Kasse muss nicht zugelassene Arzneien nur in seltenen Ausnahmefällen zahlen

  • Bundessozialgericht lehnt Klage einer Patientin mit Friedreichscher Ataxie ab.



    Ärzte können nicht alle schwer kranken Menschen zu Lasten der gesetzlichen Krankenkassen mit in Deutschland nicht zugelassenen Arzneimitteln und Therapien behandeln. Dies setze vielmehr eine "Akut-Problematik" und eine "notstandsähnliche Situation" voraus, wie das Kasseler Bundessozialgericht (BSG) in einem jetzt schriftlich veröffentlichten Urteil klarstellt.


    Die heute 25 Jahre alte Klägerin leidet an Friedreichscher Ataxie, einer erblichen Koordinationsstörung, die stoßweise zu unkontrollierten Bewegungen der Arme und Beine sowie zu einer Verdickung der Herzmuskelwand führt. Von ihrer Krankenkasse verlangte sie die Behandlung mit dem in Deutschland nicht zugelassenen Arzneimittel Mnesis mit dem Wirkstoff Idebenone, ein synthetischer Abkömmling von Coenzym Q10, der antioxidativ wirkt und die Mitochondrien stimuliert.


    Dabei stützte sie sich auf eine Entscheidung des Bundesverfassungsgerichts vom Dezember 2005. Dies hatte auf die Beschwerde eines an Duchenn‘scher Muskeldystrophie leidenden Jugendlichen entschieden, dass die Kassen bei lebensbedrohlichen Krankheiten auch nicht anerkannte Alternativmethoden bezahlen müssen, wenn eine begründete, "nicht ganz fern liegende Aussicht" auf Heilung oder zumindest Linderung besteht, eine anerkannte Therapie aber nicht verfügbar ist. Das BSG war dem im April 2006 gefolgt.

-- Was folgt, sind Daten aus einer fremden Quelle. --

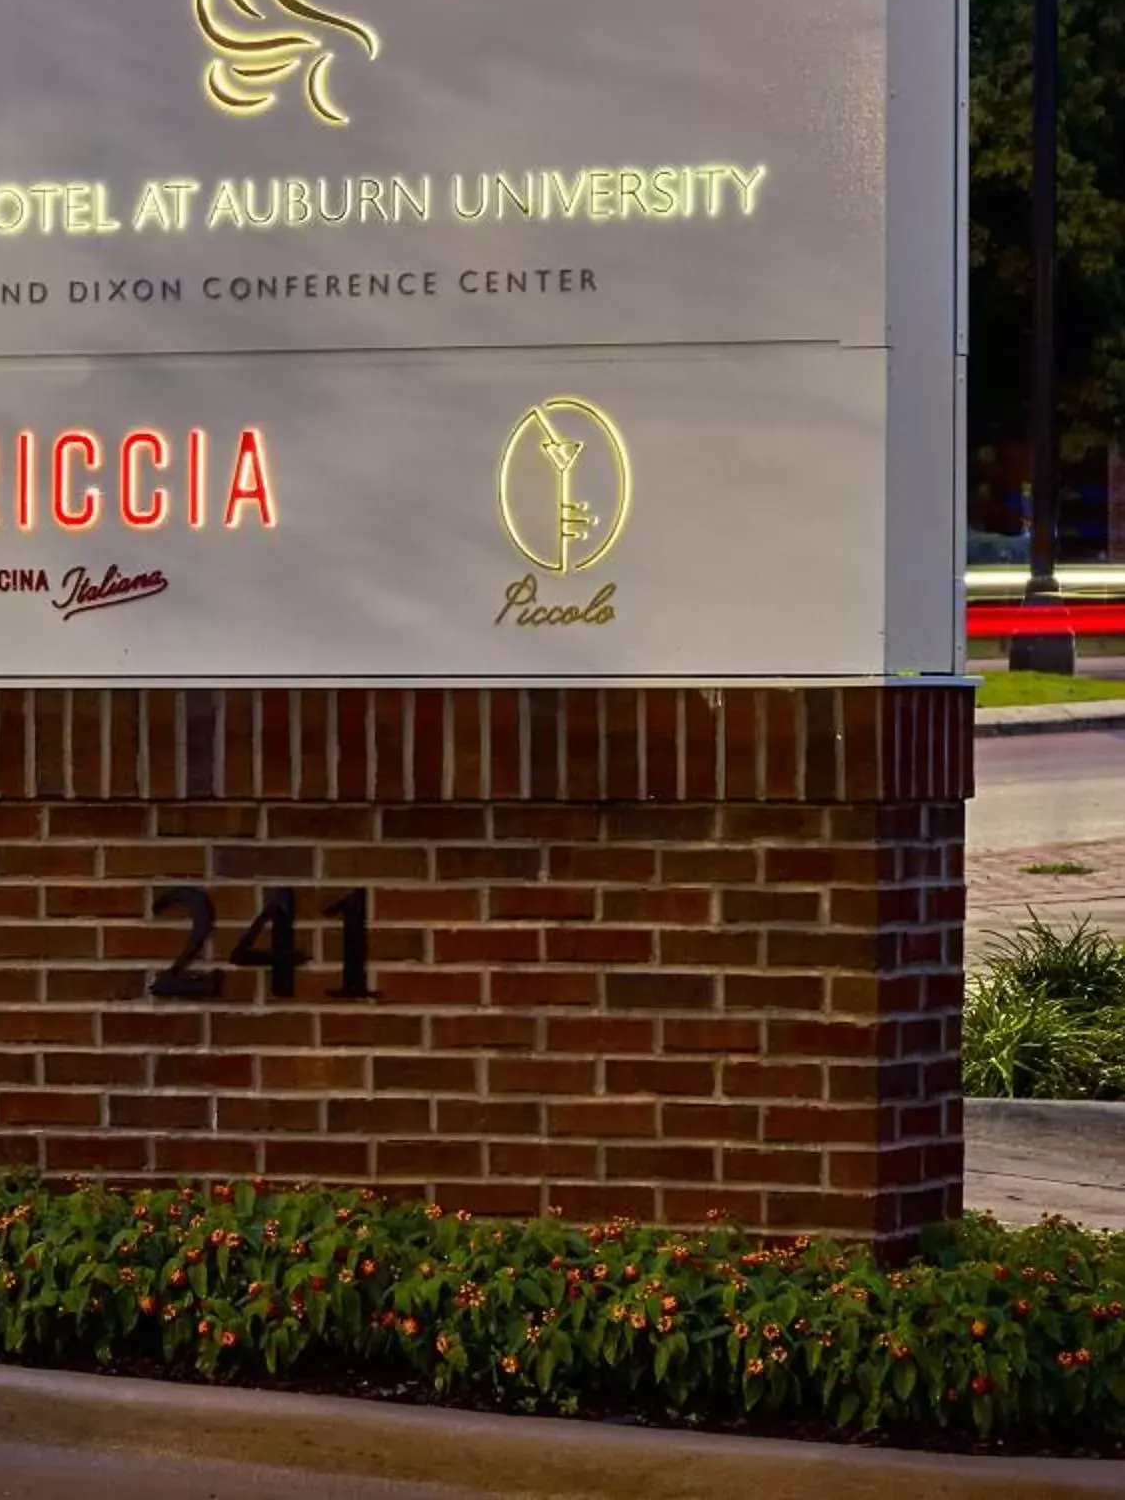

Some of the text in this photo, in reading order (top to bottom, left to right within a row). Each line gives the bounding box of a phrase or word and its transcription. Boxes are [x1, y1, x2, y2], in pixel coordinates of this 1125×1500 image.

    Mit dem neuen Urteil machten die Richter nun aber deutlich, dass die Schwelle hierbei deutlich höher sei, als beim Off-Label-Use. Voraussetzung für den Off-Label-Use sei bereits eine "schwerwiegende" Erkrankung. Bei nicht zugelassenen Arzneien komme es zusätzlich auf den Verlauf der Krankheit und einen "gewissen Zeitdruck" an. Lasse dagegen auch eine schwere Krankheit stabile Symptome ohne Verschlimmerung erwarten, so sei es den Betroffenen zuzumuten, "auf die Chancen des stetig voranschreitenden medizinischen Fortschritts" zu warten. So werde derzeit auch der Wirkstoff Idebenone in Deutschland erforscht. Die Lebenserwartung mit Friedreichscher Ataxie sei deutlich höher als bei Duchenn‘scher Muskeldystrophie.